Group Theory – Property of Abelianization

abelian-groupsgroup-theory

This is related to this old MO question which wasn't answered properly, though I don't feel I phrased the question in the best way (or posted it on the right site)

Define the abelianization of a group $G$ to be the quotient group $G_{ab} := G/[G,G]$, where $[G,G]$ is the commutator subgroup. I want to know how this definition implies the following property of abelianization.

Let $\phi: G \to G_{ab}$ be the canonical surjection. For any abelian group $H$ and homomorphism $f:G\to H$, there exists a unique homomorphism $F: G_{ab} \to H$ such that $f = F\circ \phi$.

This is the ability to 'descend to a homomorphism' that I explained so badly in my initial post, though at the time it was the only terminology I heard being used.
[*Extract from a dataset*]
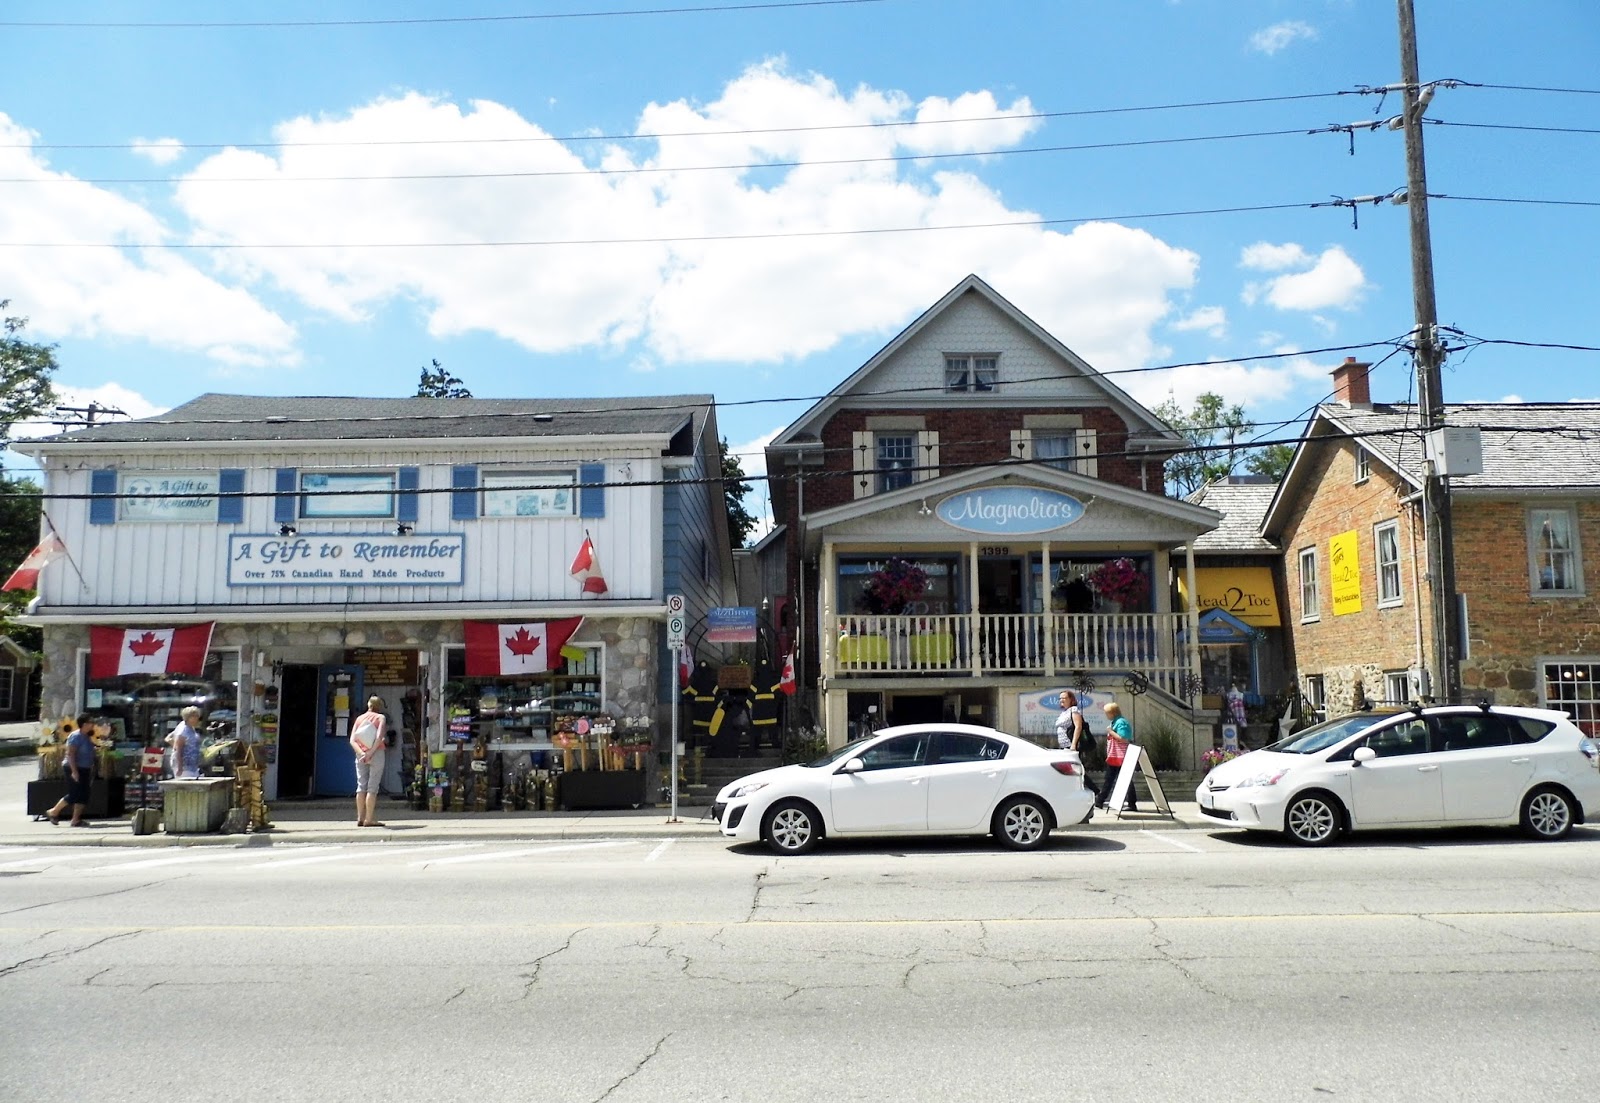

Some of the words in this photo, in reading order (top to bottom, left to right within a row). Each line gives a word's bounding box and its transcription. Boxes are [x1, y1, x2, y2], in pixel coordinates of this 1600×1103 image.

I am aware that these two definitions are equivalent but I have not yet seen a proof, nor managed to prove it myself. Please do point me to an online proof if you know of one.

Best Answer

If $f : G \to H$ is a homomorphism to an abelian group, then $f(ab) = f(a) f(b) = f(b) f(a) = f(ba)$, hence $[a, b] \in \ker f$, hence $[G, G] \subseteq \ker f$. Is the rest clear from here?